自己啓発

人間にとって最も大切なのは「意志」──新渡戸稲造『人生読本』が語る“生きる力”の核心

taka

「頑張る」という言葉の本当の意味

私たちはよく「頑張れ」「頑張ります」と言いますが、その言葉の意味を深く考えたことはあるでしょうか。
新渡戸稲造は『人生読本』の中で、「頑張る」とは“頑固に意地を張ること”だと述べています。

一見、ネガティブにも聞こえるこの言葉。しかし新渡戸は、「意地」とは決して悪いものではないと続けます。
意地とは「意志の基盤」であり、人間の内側にある“動かぬ決意”のこと。
つまり、「頑張る」とは、外に対して強がることではなく、自分の意志を貫くことなのです。


人は「知・情・意」で動く

新渡戸は、人間の行動を生み出す三つの要素として「知・情・意」を挙げています。

  • :物事を理解し、判断する力
  • :感じ、共感する心
  • :行動を起こす力

人はこの三つによって動きますが、その中でも最も重要なのが「意志」だと新渡戸はいいます。

なぜなら、知識がどれほどあっても、感情がどれほど豊かでも、意志がなければ何も実現しないからです。
行動を決め、方向を定めるのは「意志」。それがなければ、知も情も空回りしてしまうのです。


「意志なき人」は、人間として立てない

『人生読本』にはこう記されています。

「意志なき者は、いかに人情が深くても、いかに知識があっても、人間とはいえない。
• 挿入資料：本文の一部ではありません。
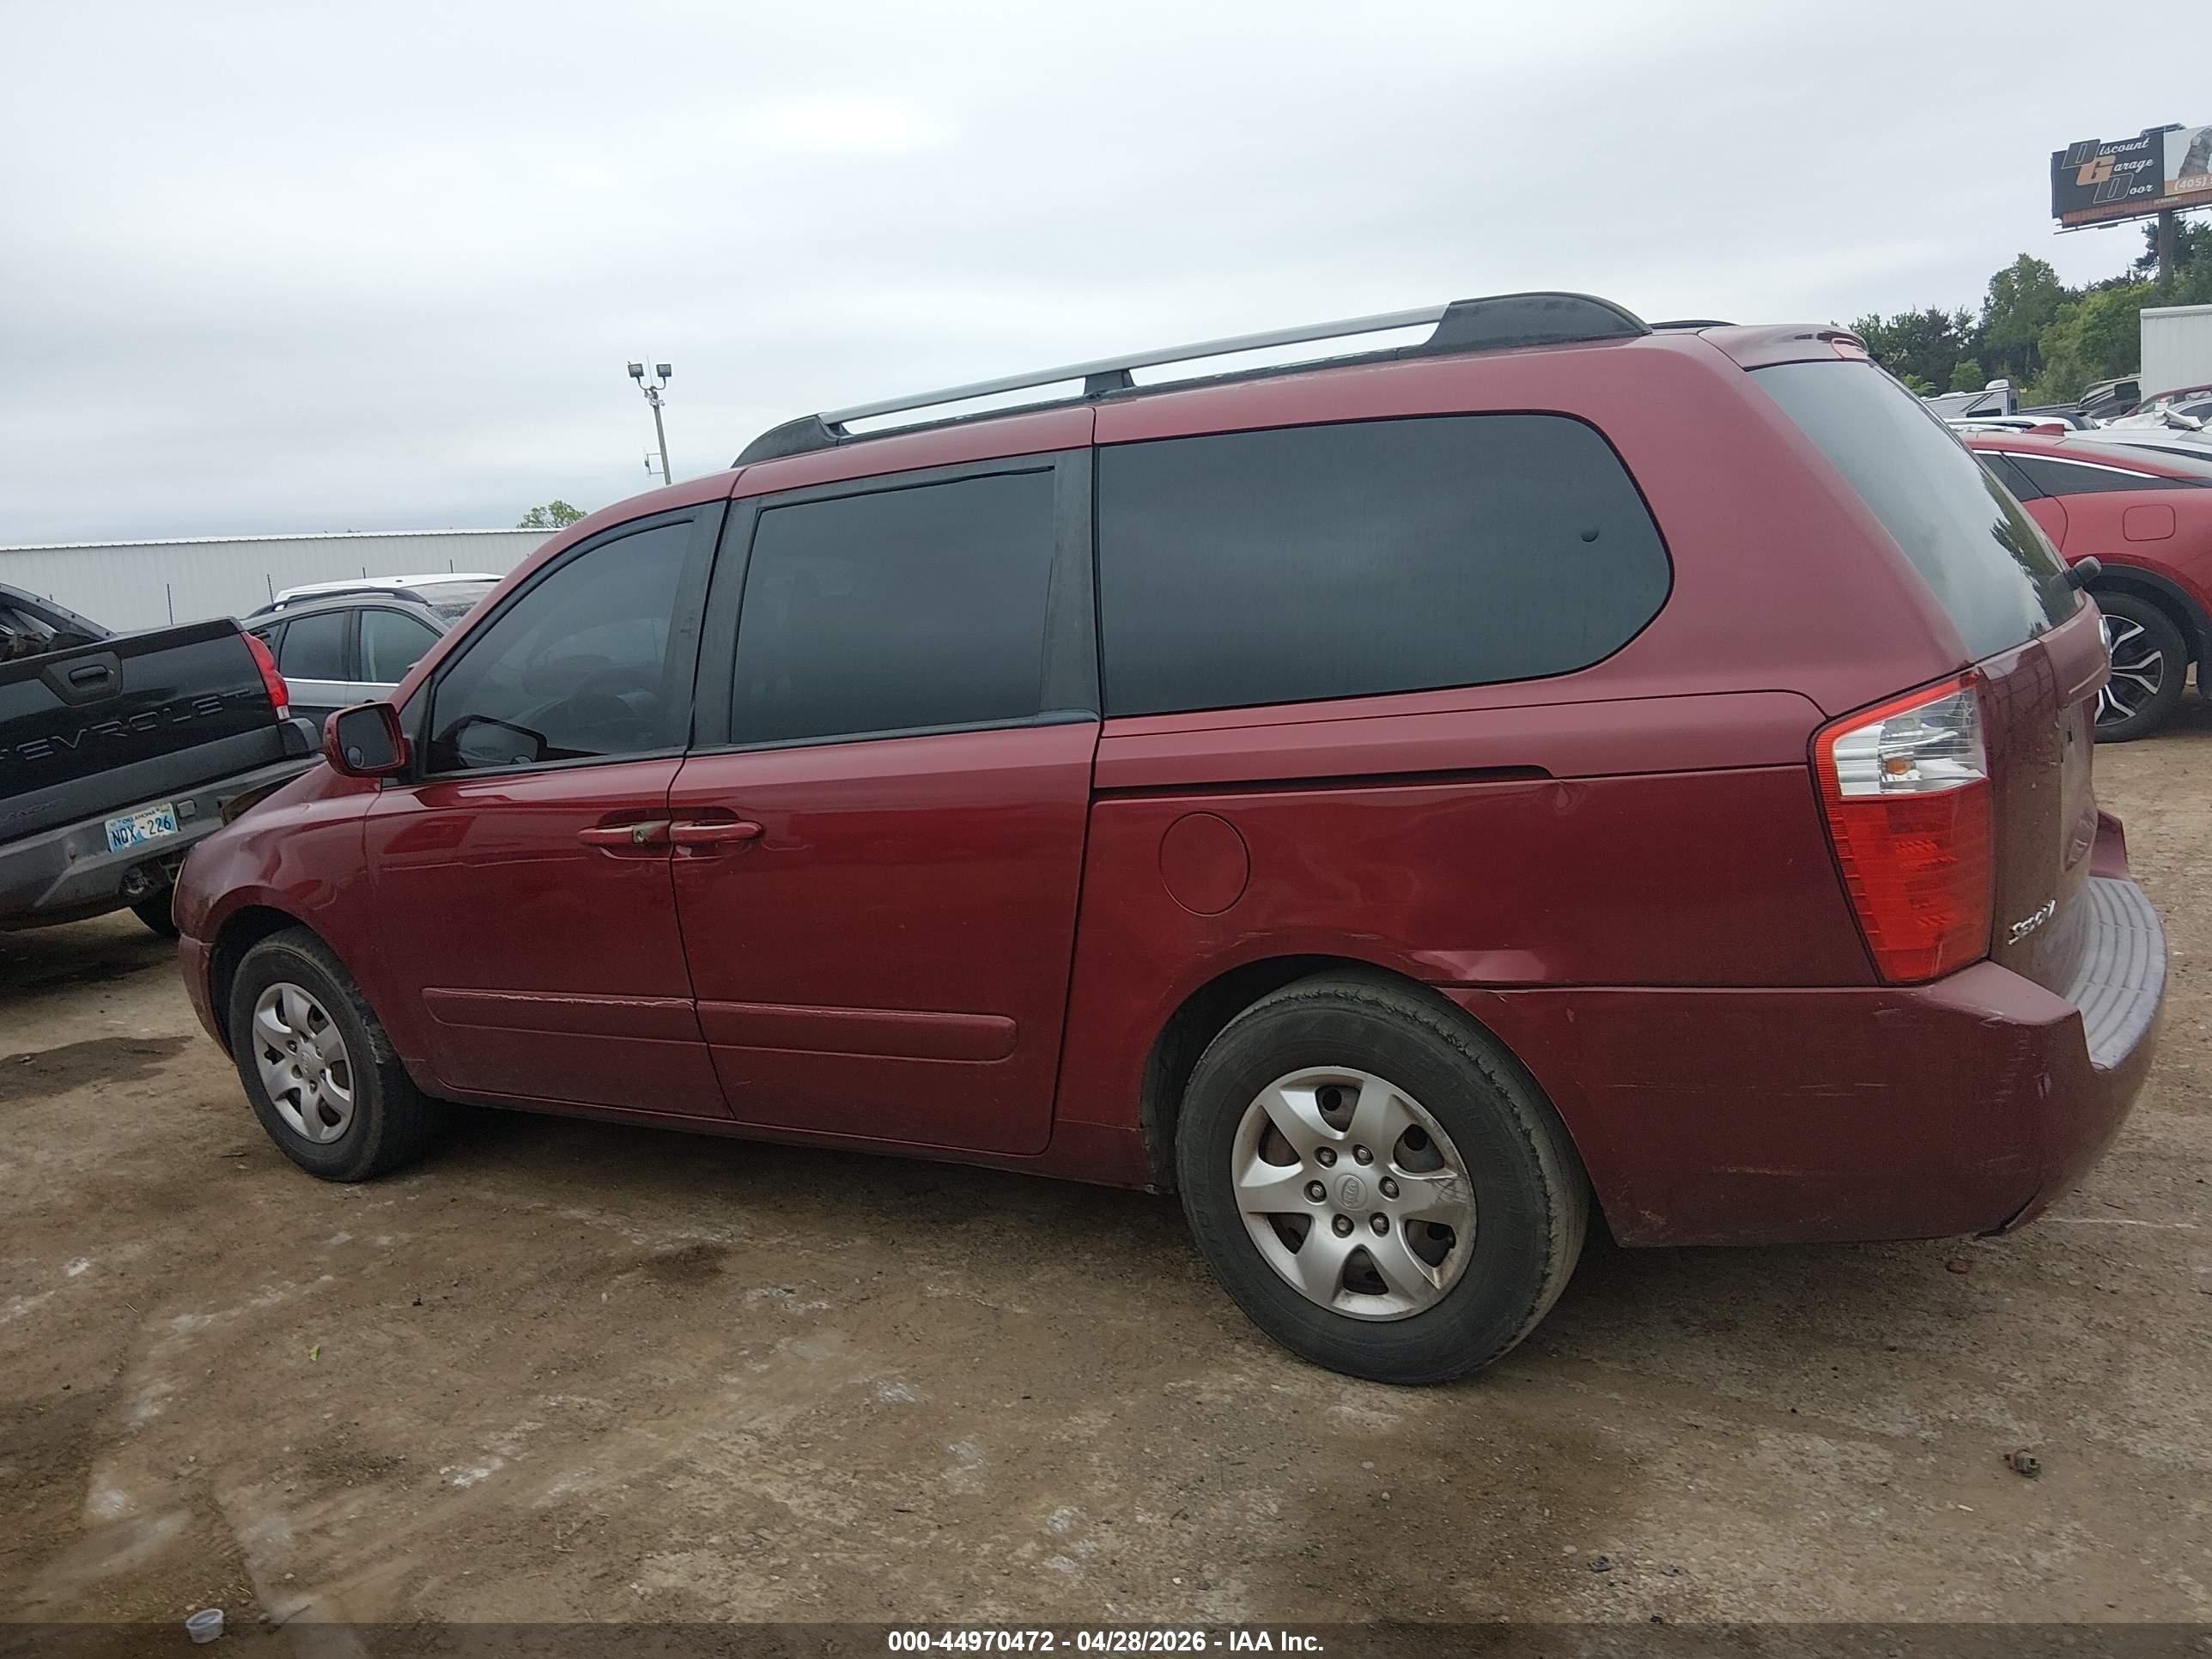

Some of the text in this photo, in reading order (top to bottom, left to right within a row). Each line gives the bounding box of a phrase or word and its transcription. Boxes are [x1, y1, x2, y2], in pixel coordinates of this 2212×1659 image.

」

この言葉は少し厳しく響きますが、まさに人間の本質を突いた一節です。
知識が豊富で思いやりがあっても、実際に行動しなければ現実は何も変わりません。
逆に、知識が乏しくても、意志の強い人は自らの手で人生を切り開いていきます。

意志とは「思いを形に変える力」。
どんなに立派な理想も、意志がなければただの夢で終わってしまうのです。


「知」や「情」は、意志によって導かれる

意志は、人生の舵取りのようなものです。
知識(知)は意志によってどこへ向かうかを定められ、感情(情)は意志によって制御されます。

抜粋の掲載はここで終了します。